> **WORK ITEM**: Print the records below exactly. Omit every picture.

Start of Block

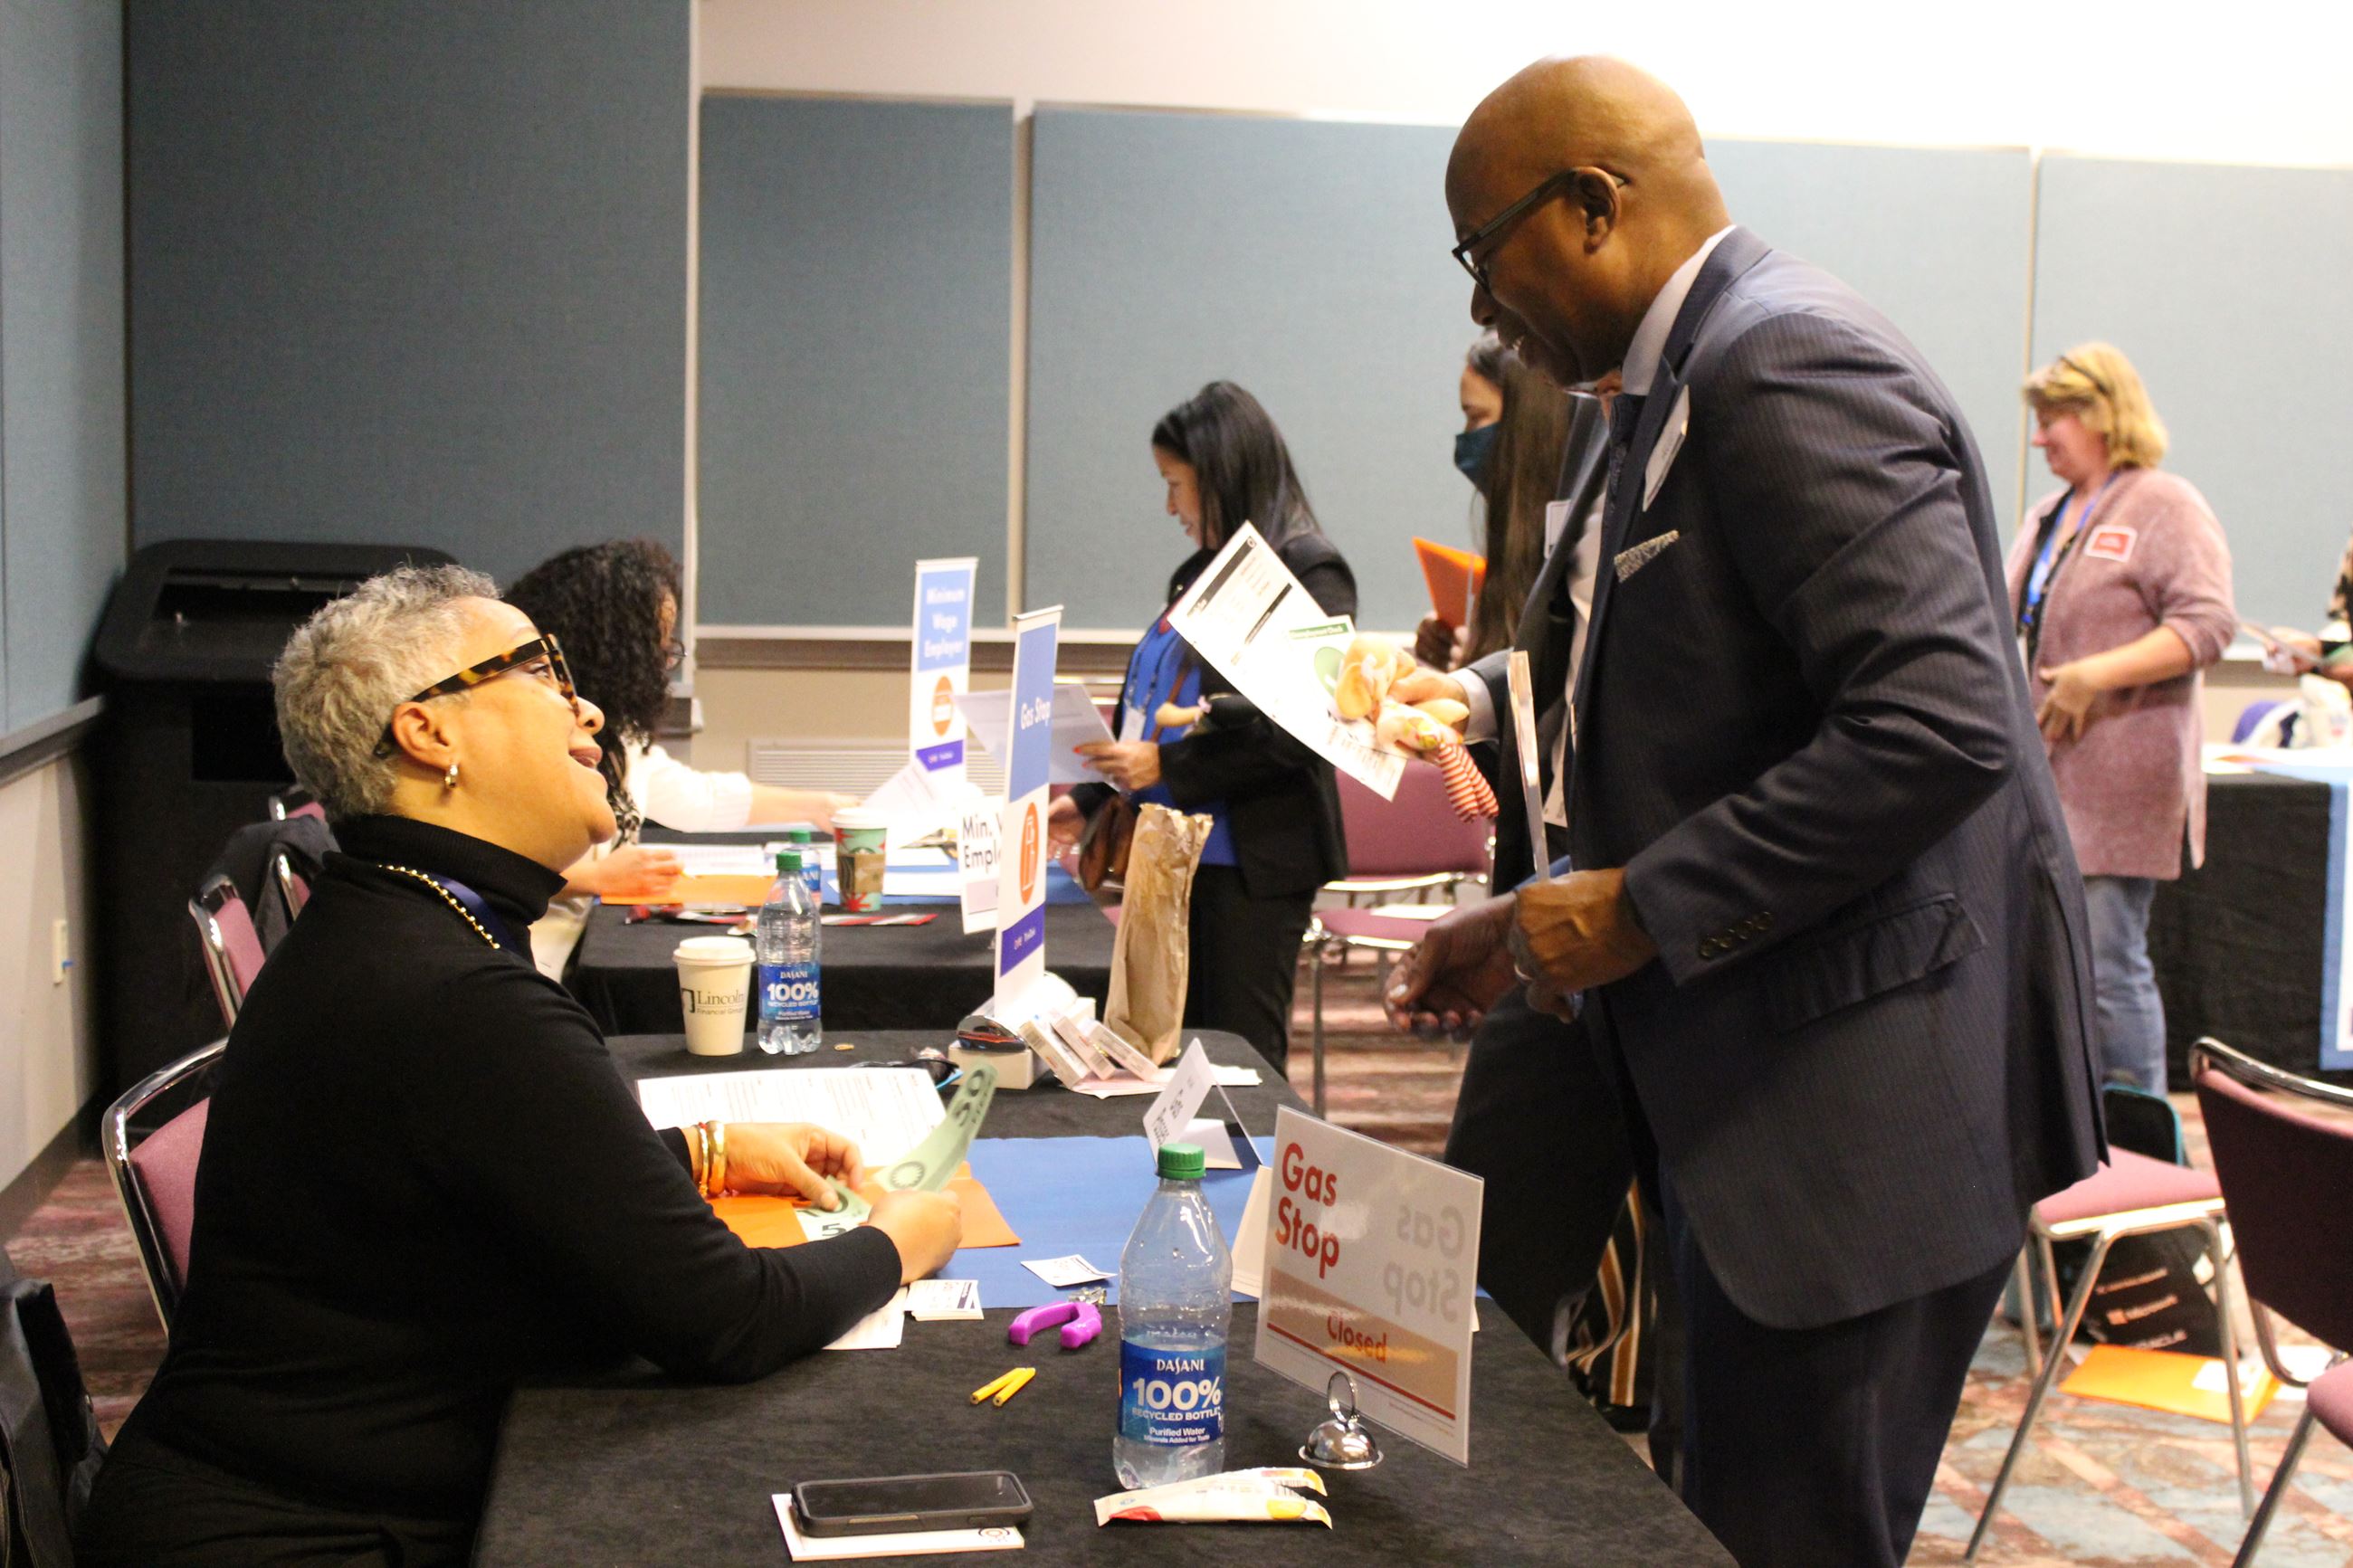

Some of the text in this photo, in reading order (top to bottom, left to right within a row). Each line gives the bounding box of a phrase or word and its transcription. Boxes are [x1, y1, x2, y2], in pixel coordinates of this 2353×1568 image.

[1021, 697, 1051, 730] Gas Stop
[962, 813, 994, 841] Min.
[964, 839, 1001, 874] Empl
[780, 971, 808, 980] DASANI
[767, 981, 819, 1002] 100%
[1281, 1142, 1338, 1207] Gas
[1275, 1196, 1340, 1279] Stop
[1327, 1314, 1387, 1364] Closed
[1157, 1357, 1205, 1374] DASANI
[1132, 1376, 1222, 1411] 100%
[1131, 1407, 1184, 1421] RECYCLED
[1149, 1427, 1206, 1437] Purified Water

End of Block

> **YOUR RESPONSE**:
Some of the text in this photo, in reading order (top to bottom, left to right within a row). Each line gives the bounding box of a phrase or word and its transcription. Boxes are [x1, y1, x2, y2], in pixel coordinates of this 2353×1568 image.

[1021, 697, 1051, 730] Gas Stop
[962, 813, 994, 841] Min.
[964, 839, 1001, 874] Empl
[780, 971, 808, 980] DASANI
[767, 981, 819, 1002] 100%
[1281, 1142, 1338, 1207] Gas
[1275, 1196, 1340, 1279] Stop
[1327, 1314, 1387, 1364] Closed
[1157, 1357, 1205, 1374] DASANI
[1132, 1376, 1222, 1411] 100%
[1131, 1407, 1184, 1421] RECYCLED
[1149, 1427, 1206, 1437] Purified Water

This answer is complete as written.